To do:
Leaving out the images, transcribe every record below exactly.

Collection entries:

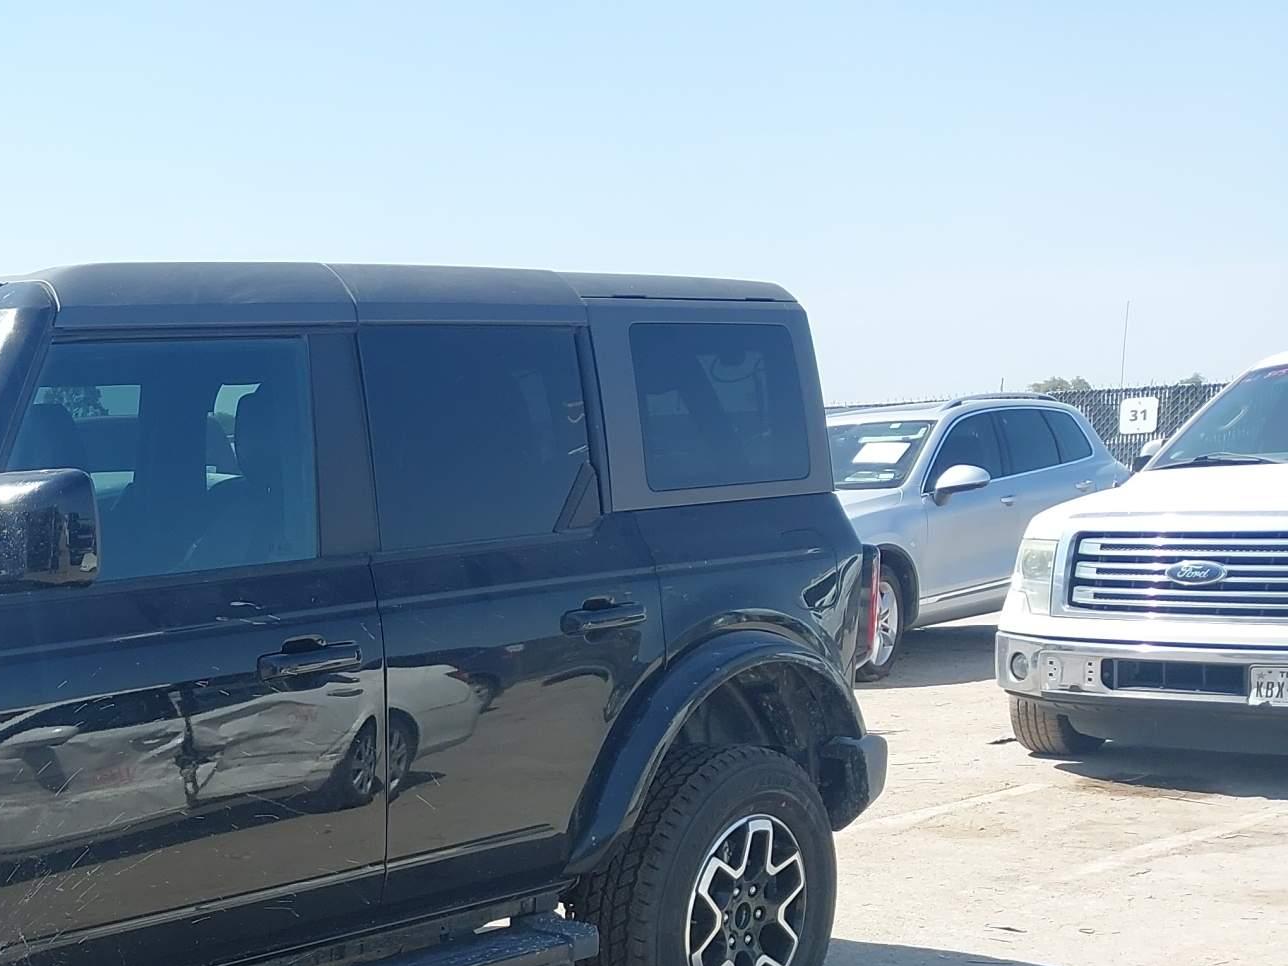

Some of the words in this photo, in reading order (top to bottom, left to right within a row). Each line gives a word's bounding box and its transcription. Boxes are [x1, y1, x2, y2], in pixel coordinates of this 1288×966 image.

[1128, 409, 1147, 421] 31
[1176, 565, 1211, 578] Ford
[1279, 670, 1288, 678] T
[1255, 681, 1285, 698] KBX
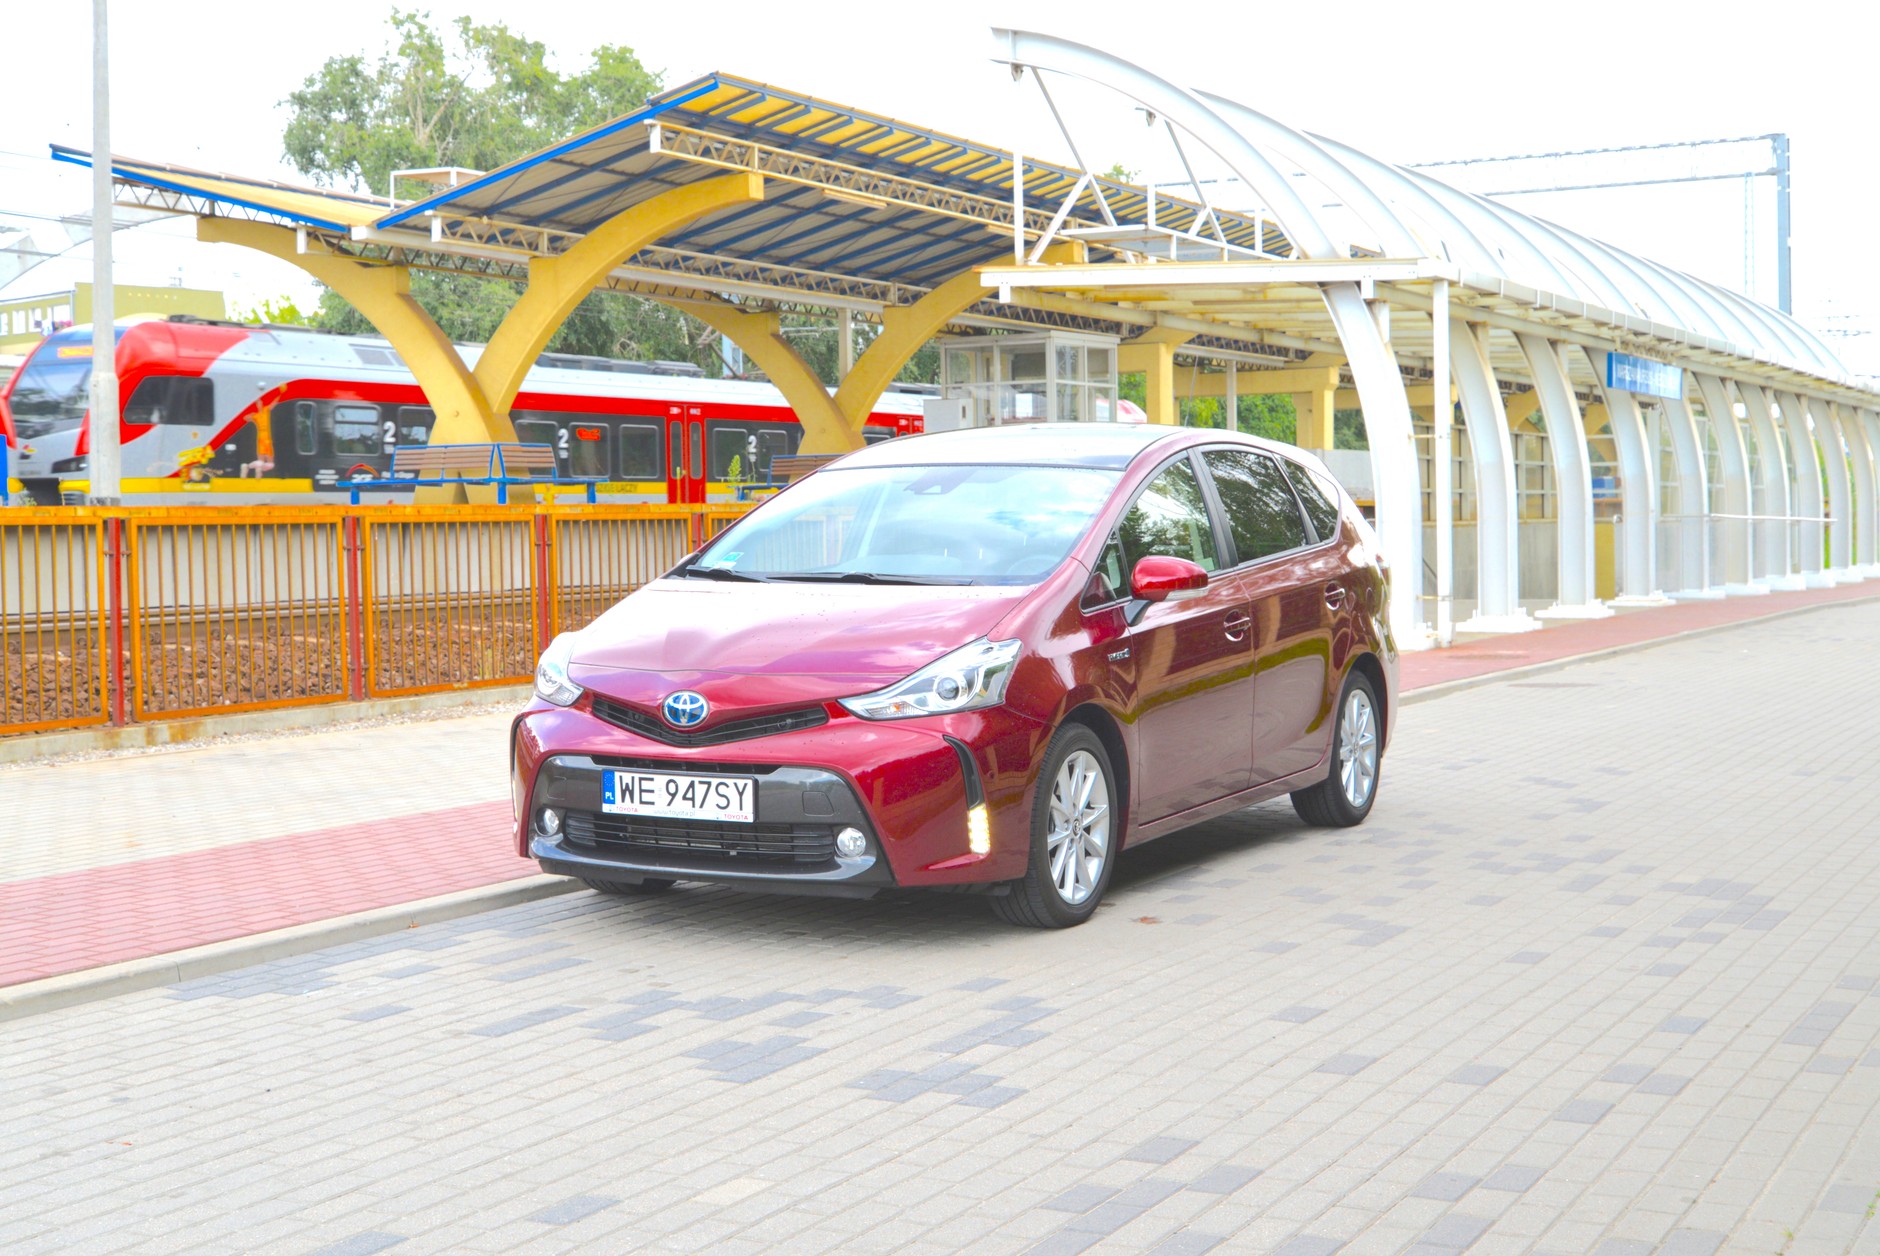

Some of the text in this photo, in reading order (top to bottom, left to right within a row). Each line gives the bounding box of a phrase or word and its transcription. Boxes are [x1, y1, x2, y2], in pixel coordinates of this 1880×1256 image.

[383, 421, 396, 443] 2
[558, 428, 569, 448] 2
[747, 435, 757, 452] 2
[605, 791, 614, 801] PL
[619, 775, 748, 811] WE 947SY
[616, 806, 639, 814] TOYOTA

Task answer:
Some of the words in this photo, in reading order (top to bottom, left to right within a row). Each line gives a word's bounding box and its transcription. Boxes are [x1, y1, x2, y2], in pixel coordinates of this 1288×966 image.

[1128, 409, 1147, 421] 31
[1176, 565, 1211, 578] Ford
[1279, 670, 1288, 678] T
[1255, 681, 1285, 698] KBX

Some of the text in this photo, in reading order (top to bottom, left to right within a row). Each line gives the bounding box of a phrase or word and its transcription. Boxes are [x1, y1, x2, y2], in pixel coordinates of this 1880×1256 image.

[383, 421, 396, 443] 2
[558, 428, 569, 448] 2
[747, 435, 757, 452] 2
[605, 791, 614, 801] PL
[619, 775, 748, 811] WE 947SY
[616, 806, 639, 814] TOYOTA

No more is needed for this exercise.